India gold imports stagnant

NEW DELHI Gold imports into India, the world's largest consumer, have come to a grinding halt with high prices keeping buyers away during the peak wedding season, dealers said yesterday.


Published: Tue 11 Feb 2003, 3:44 AM

Last updated: Wed 1 Apr 2015, 8:22 PM

"Imports are next to zero," said a trader from Ahmedabad, the country's leading gold importing centre, summing up the mood in the country in the midst of the Hindu wedding season.

Local prices follow global trends as India imports more than two-thirds of its 700-800 tonnes annual gold requirement.

Gold prices in India opened yesterday at Rs69,100 ($1,449) for a bar of 116.64 grams, tracking global prices. It was traded at around 65,000 rupees a month ago.

Prices of the metal hit the highest-ever level of Rs70,350 last Wednesday as global prices surged on war fears, bringing professional bullion trade in the country to a standstill and drawing queues of sellers at jewellery shops.

"The marriage season is at its peak but people's purchasing power has come down with an increase in prices," said Mukul Sonawala, president of the Bombay Bullion Association.

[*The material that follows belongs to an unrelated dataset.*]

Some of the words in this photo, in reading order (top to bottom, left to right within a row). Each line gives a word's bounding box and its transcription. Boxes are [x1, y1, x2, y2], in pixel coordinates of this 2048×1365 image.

Gold jewellery demand normally rises in India during the Hindu marriage season, which starts in mid-January and runs through to May, as parents give gold as a dowry gift to provide financial security to their daughters.

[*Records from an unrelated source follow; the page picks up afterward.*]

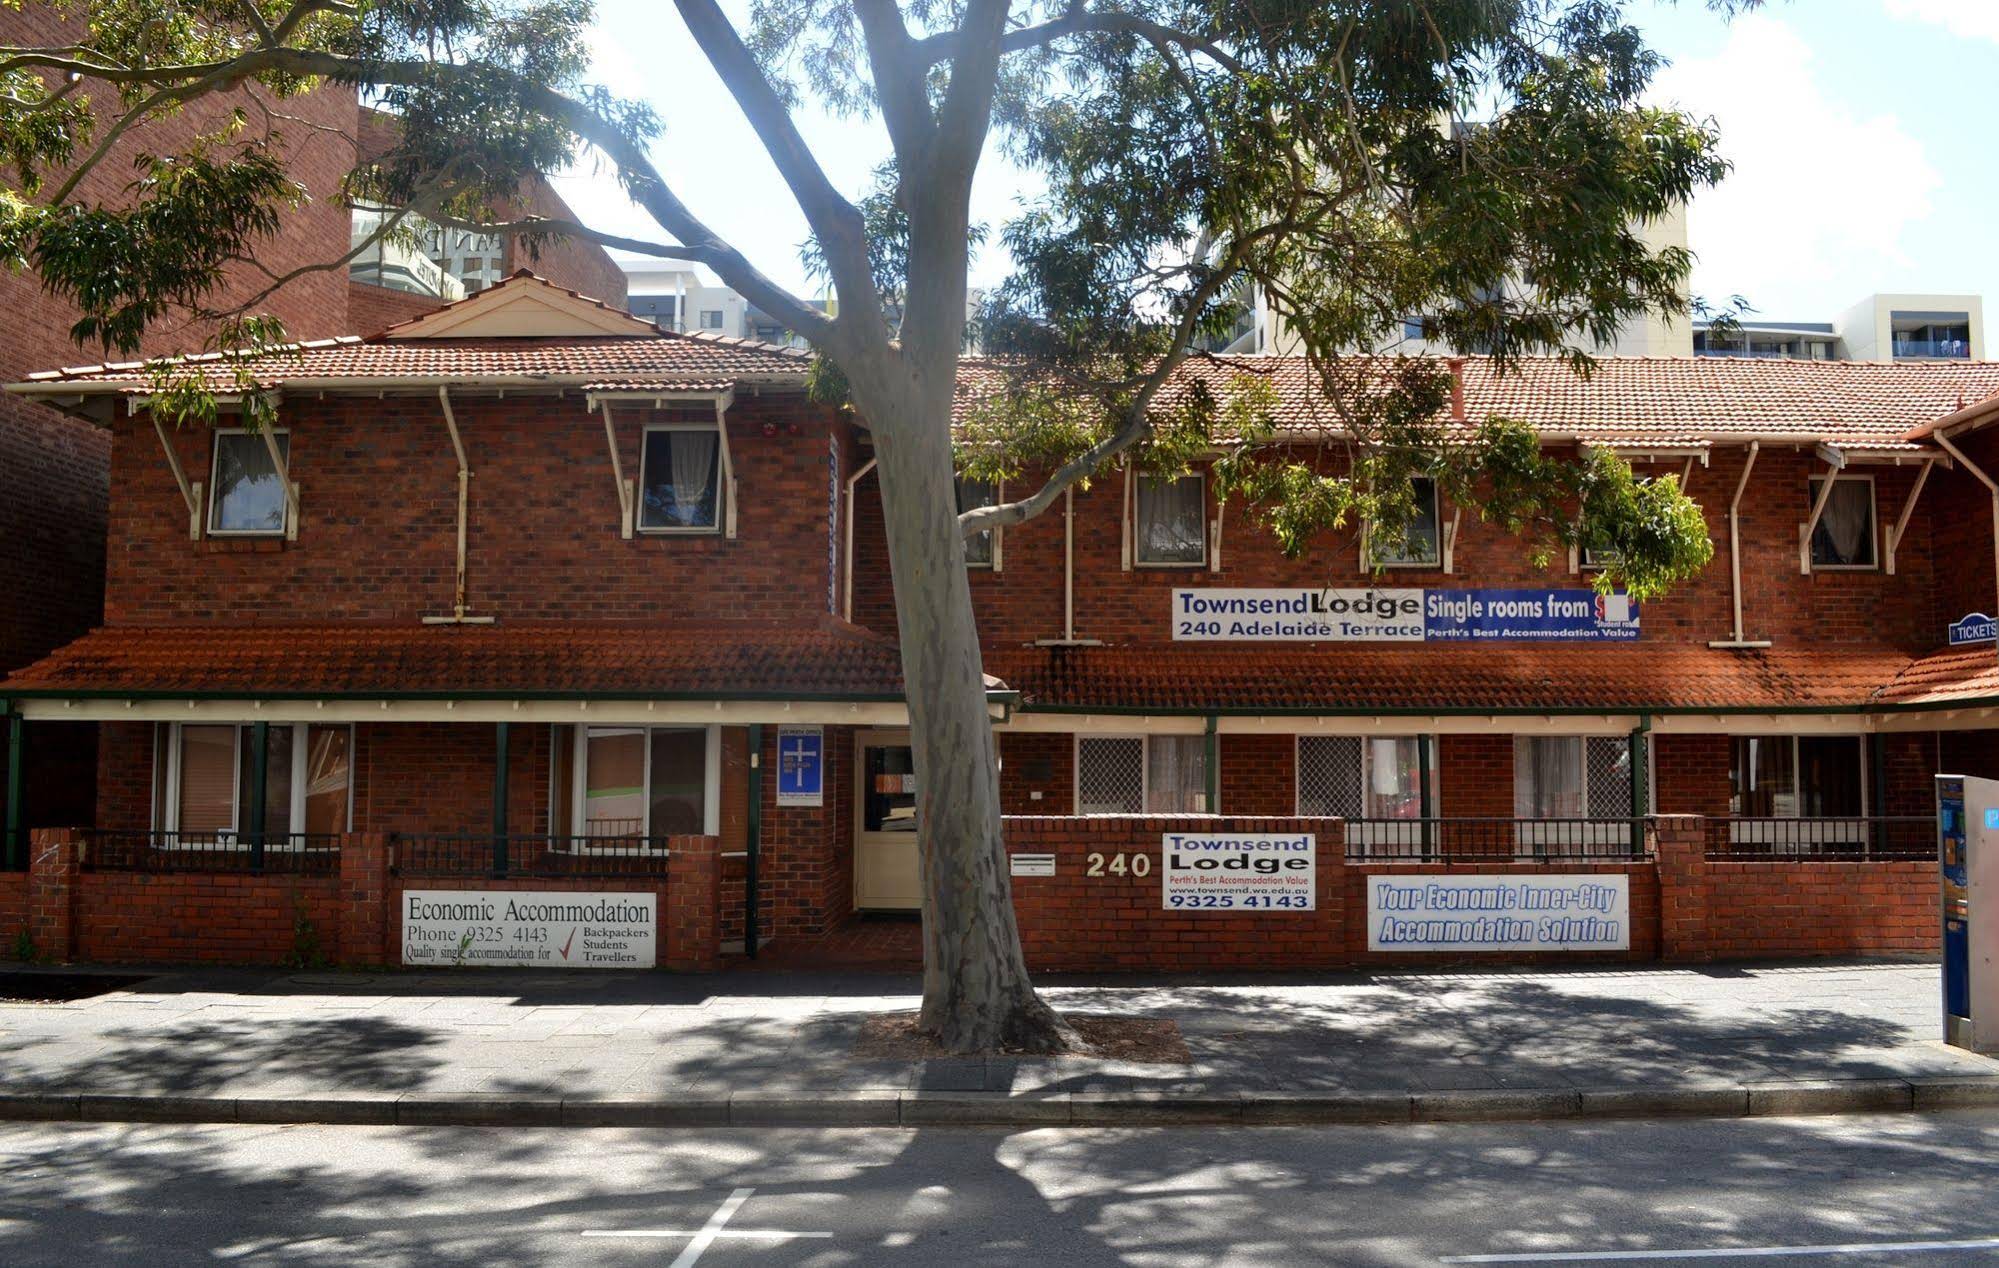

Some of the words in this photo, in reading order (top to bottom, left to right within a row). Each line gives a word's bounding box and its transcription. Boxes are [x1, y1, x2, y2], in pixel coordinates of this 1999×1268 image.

[1180, 593, 1307, 614] Townsend
[1311, 593, 1420, 619] Lodge
[1427, 595, 1483, 623] Single
[1488, 600, 1543, 618] rooms
[1548, 594, 1589, 618] from
[1180, 622, 1221, 636] 240
[1230, 621, 1331, 636] Adelaide
[1340, 622, 1423, 636] Terrace
[1427, 628, 1470, 637] Perth's
[1473, 628, 1498, 637] Best
[1502, 628, 1598, 637] Accommodation
[1602, 628, 1637, 638] Value
[1170, 836, 1308, 851] Townsend
[1087, 853, 1150, 876] 240
[1171, 854, 1310, 874] Lodge
[1170, 875, 1198, 885] Perth's
[1200, 876, 1217, 884] Best
[1219, 875, 1283, 885] Accommodation
[1285, 876, 1308, 884] Value
[1169, 886, 1308, 895] www.townsend.wa.edu.au
[1377, 884, 1424, 910] Your
[1425, 885, 1516, 910] Economic
[1519, 885, 1616, 913] Inner-City
[1170, 895, 1233, 907] 9325
[1243, 895, 1307, 907] 4143
[408, 897, 494, 921] Economic
[504, 899, 650, 923] Accommodation
[407, 925, 457, 942] Phone
[467, 926, 504, 942] 9325
[513, 927, 548, 942] 4143
[583, 926, 649, 938] Backpackers
[1379, 917, 1533, 943] Accommodation
[1538, 916, 1619, 943] Solution
[405, 943, 436, 961] Quality
[468, 944, 535, 960] accommodation
[538, 945, 551, 960] for
[583, 939, 628, 950] Students
[584, 951, 637, 963] Travellers

Gold edged higher yesterday as Washington ratcheted up the pressure on the U.N. Security Council to decide Iraq's fate, but trade was cautious after last week's wild price swings.

Spot gold XAU was at $371.75/372.75 an ounce at 1043 GMT, up from $369.40/370.40 last quoted in New York. Gold blasted to a six-and-a-half year high of $388.50 on Wednesday as investors piled into a metal known as a safe haven in troubled times.

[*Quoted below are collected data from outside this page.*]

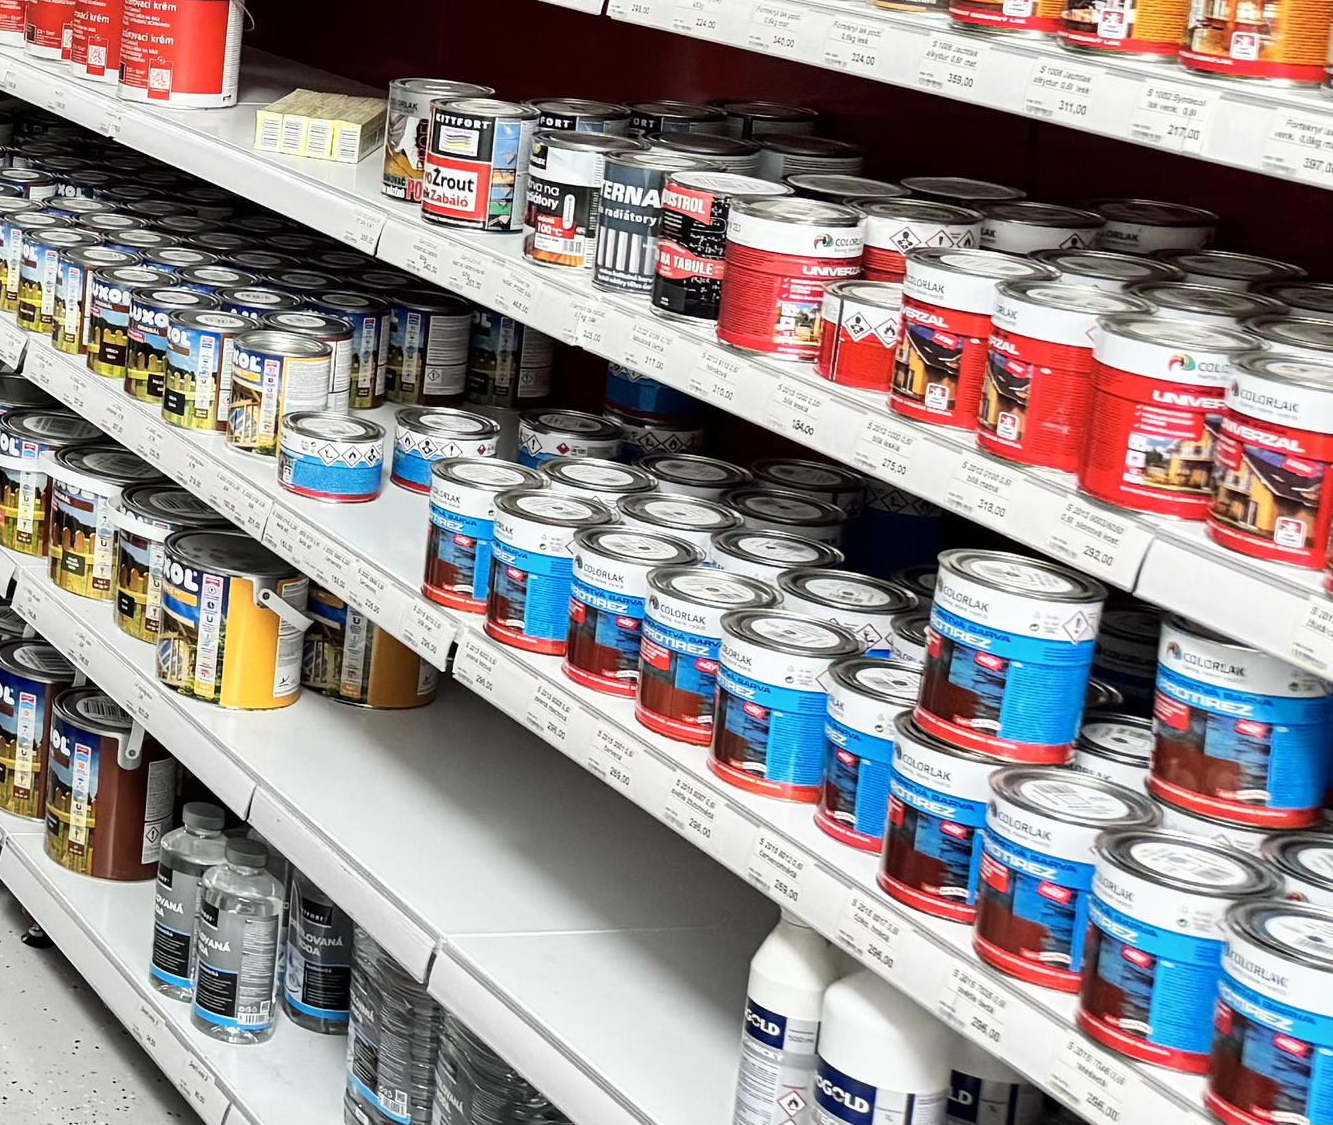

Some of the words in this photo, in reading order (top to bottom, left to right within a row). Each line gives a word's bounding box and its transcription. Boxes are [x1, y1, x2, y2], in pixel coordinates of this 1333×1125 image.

[1058, 100, 1087, 116] 311,00
[435, 114, 491, 130] KITTFORT
[541, 116, 572, 129] FORT
[603, 180, 662, 209] ERNA
[605, 206, 656, 227] radiátory
[672, 255, 713, 275] TABULE
[904, 306, 949, 329] VERZAL
[1153, 390, 1228, 410] UNIVER
[1240, 388, 1301, 413] COLORLAK
[584, 564, 624, 584] COLORLAK
[943, 584, 989, 613] COLORLAK
[660, 603, 707, 625] COLORLAK
[1183, 652, 1246, 678] COLORLAK
[902, 753, 951, 783] COLORLAK
[998, 812, 1052, 841] COLORLAK
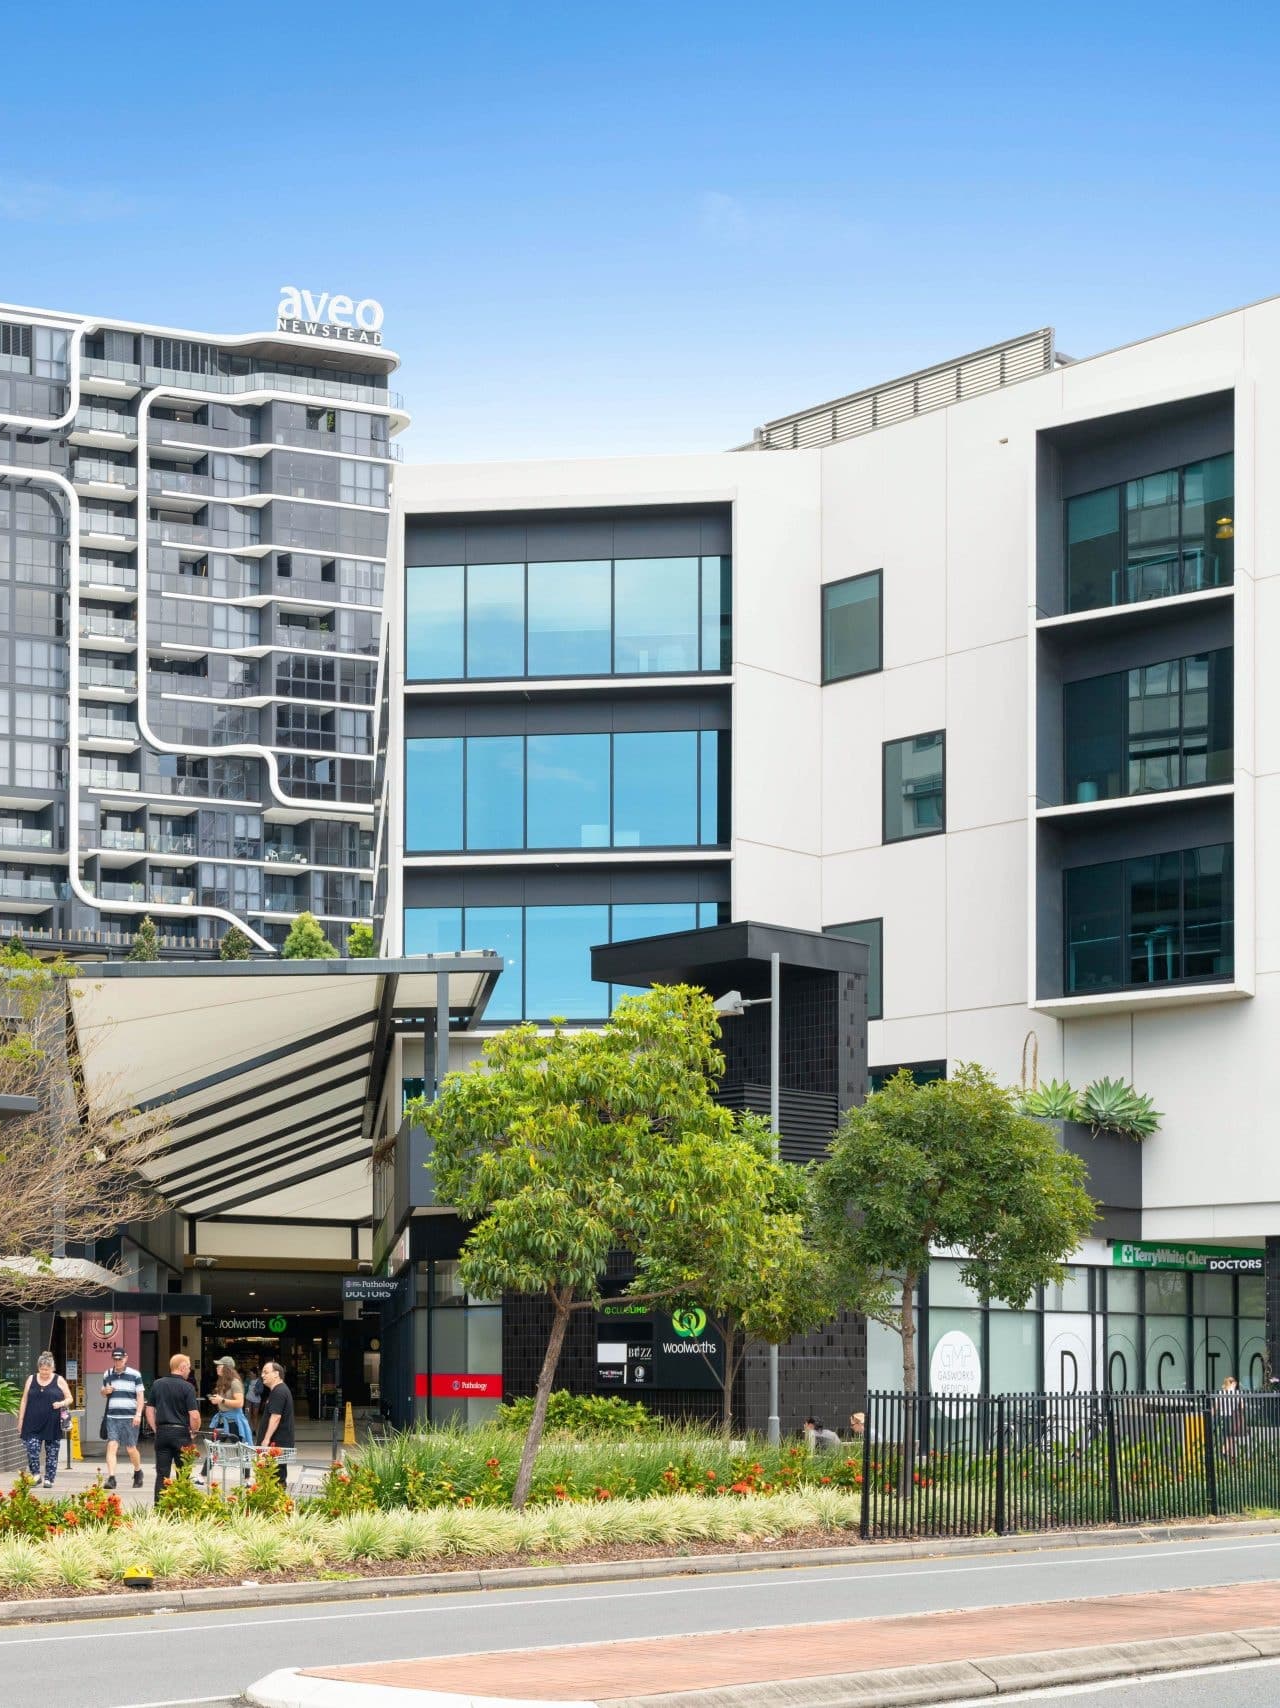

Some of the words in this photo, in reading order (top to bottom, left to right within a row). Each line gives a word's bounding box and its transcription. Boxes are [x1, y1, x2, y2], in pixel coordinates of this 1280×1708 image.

[277, 286, 385, 333] aveo
[277, 319, 384, 345] NEWSTEAD
[1210, 1259, 1263, 1270] DOCTORS
[362, 1280, 399, 1290] Pathology

Traders said hardly any imports were taking place in the country now compared with the normal daily levels of about two tonnes.

They said normal imports could resume only if prices stabilised at around $320330 an ounce.

"Everyone in the gold trade and even consumers think that it is a temporary phase, the prices cannot sustain this level," said Sonawala. "Gold has to come down."

Traders said supply of scrap gold had sharply risen as many consumers were tempted by the high prices to sell their old jewellery.

Domestic gold prices were being quoted lower than import prices because of the increased scrap supplies, they said.

"Jewellers in Ahmedabad have advertised in local papers and are selling gold at Rs64,000 a bar, much lower than the prevailing global prices," said gold trader Pawan Chokshi.

Dealers said traders who were holding gold in bullion form were selling it at lower than prevailing prices to book profits.

They were also selling recycled gold, which they had bought from consumers at much lower prices.